The response, “I don’t know” feels radically honest. What do we really know about ourselves, our experience, our world? He’s not trying to say something wise or impressive. Maybe he expects some guidance or advice.
Instead, he receives a gift: “Not knowing is most intimate.” Not knowing is just right. Perhaps what he was looking for, he had all along, only he didn’t know it.
The word intimacy in the Zen world is a way of speaking about awakening or enlightenment. I much prefer the word intimacy. Awakening and enlightenment implies some special state of mind, some kind of mystical experience, far removed from our day-to-day lives. We might think that awakening or enlightenment will somehow remove us from our daily struggles and problems. Intimacy brings us closer, to ourselves, to others, to our problems.
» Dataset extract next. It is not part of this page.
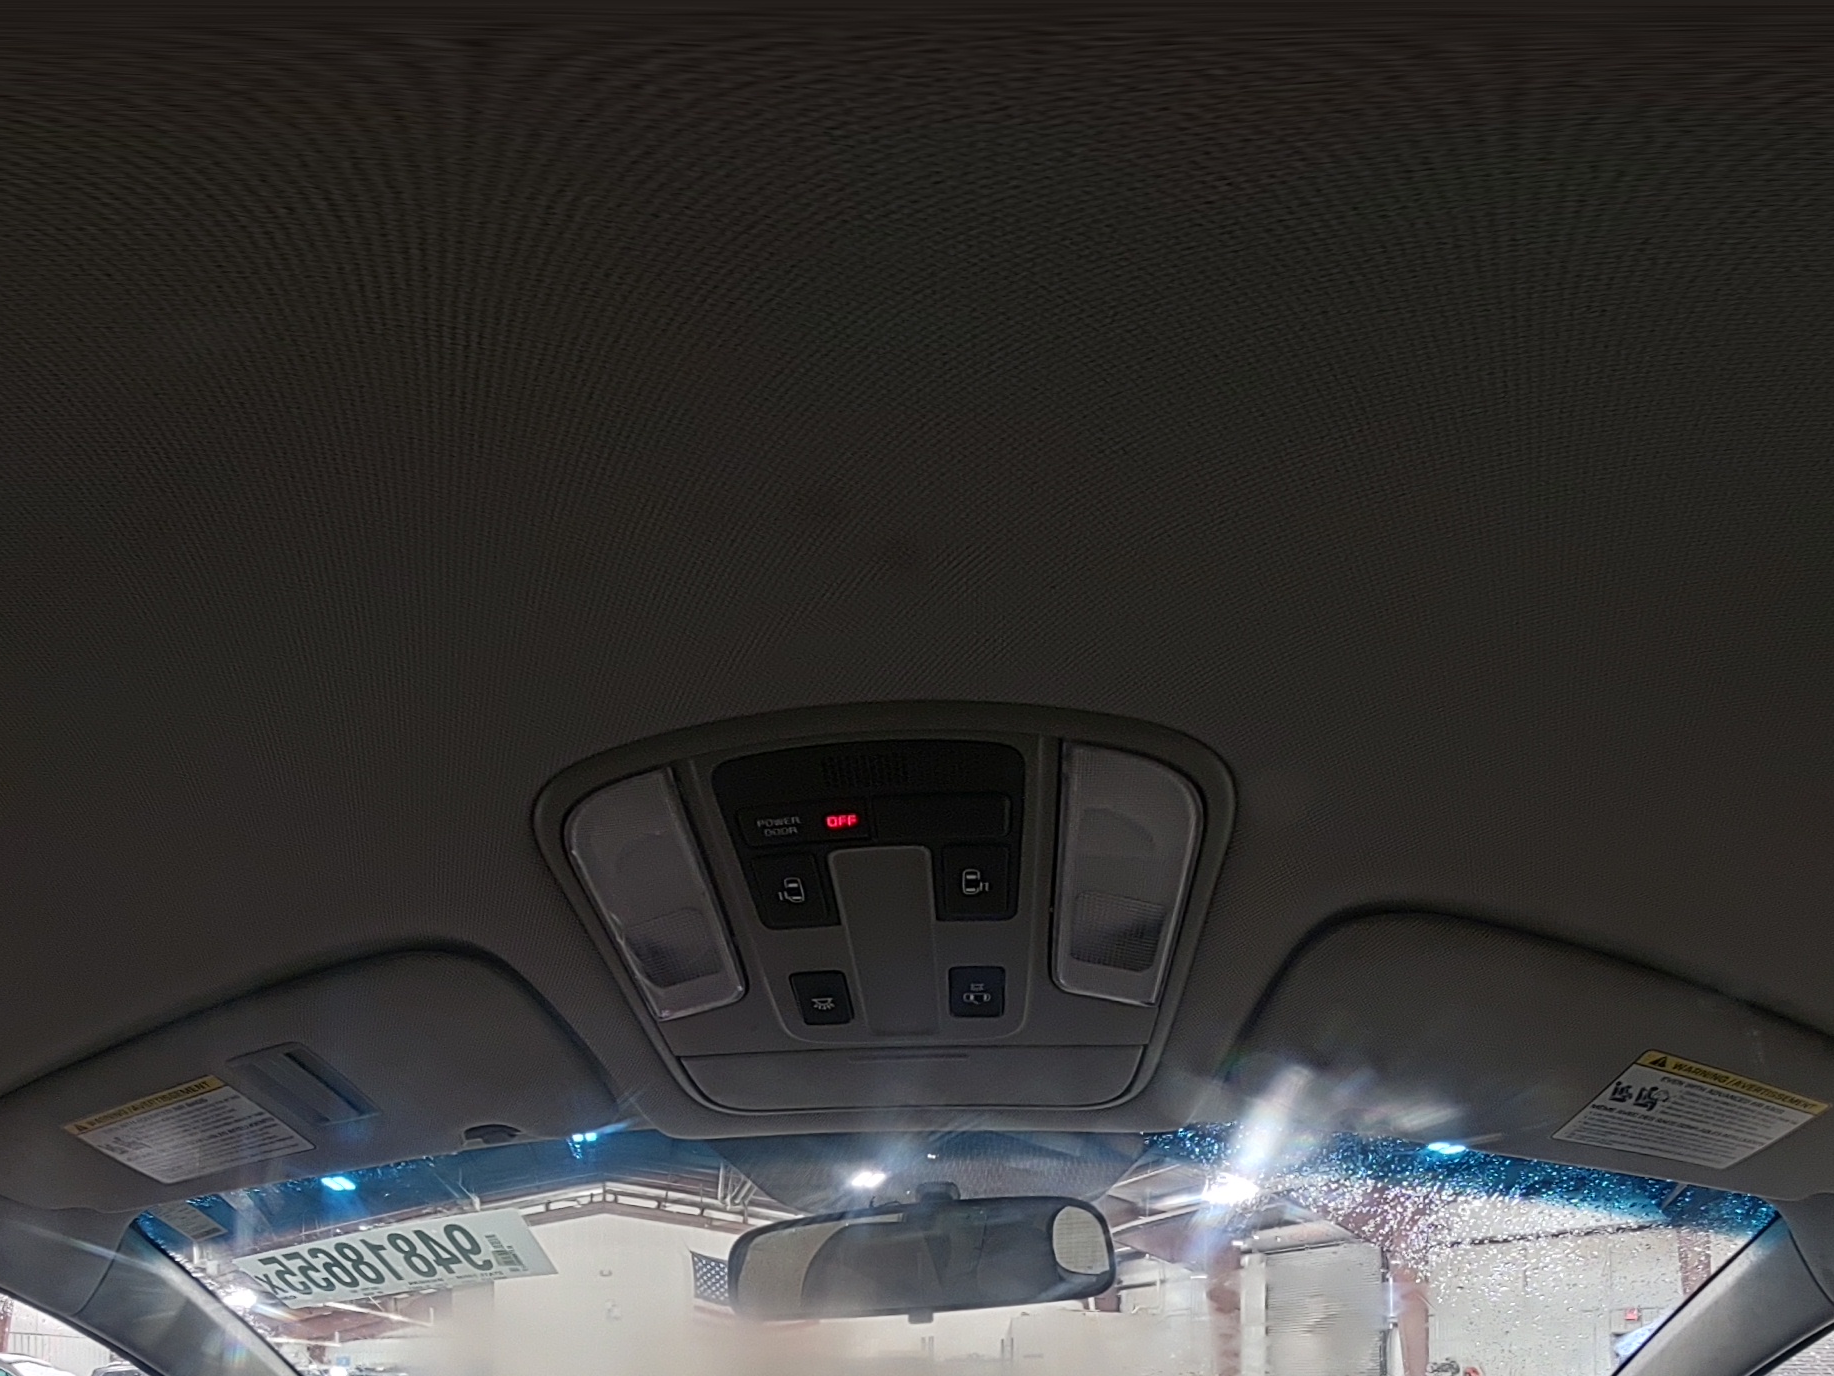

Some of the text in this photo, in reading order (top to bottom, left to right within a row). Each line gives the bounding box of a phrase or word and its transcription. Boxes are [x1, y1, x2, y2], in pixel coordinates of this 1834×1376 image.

Knowing can be an obstacle, can even be our enemy. Our knowing can limit our vision. Much like the famous illusion/image of a woman’s face – that some people see as an old woman, other’s see as a young woman. We think we know; whichever we see, we are convinced that this is it. How can others see something so different. Isn’t this how much of life is?
This moment – this person, this illness, this opportunity, this pain or beauty – what is it?; how can we respond? How can we not be caught or limited by what we think we know?
With not knowing, I am open, ready, willing to learn, to be surprised. I can see and hear others beyond my own ideas. Though my experience and knowledge are important, they can get in the way. When I let go of my own ideas, I can be present, humble. When I am humble, I am not afraid. I can enter this moment, engaged, moved, open – intimate.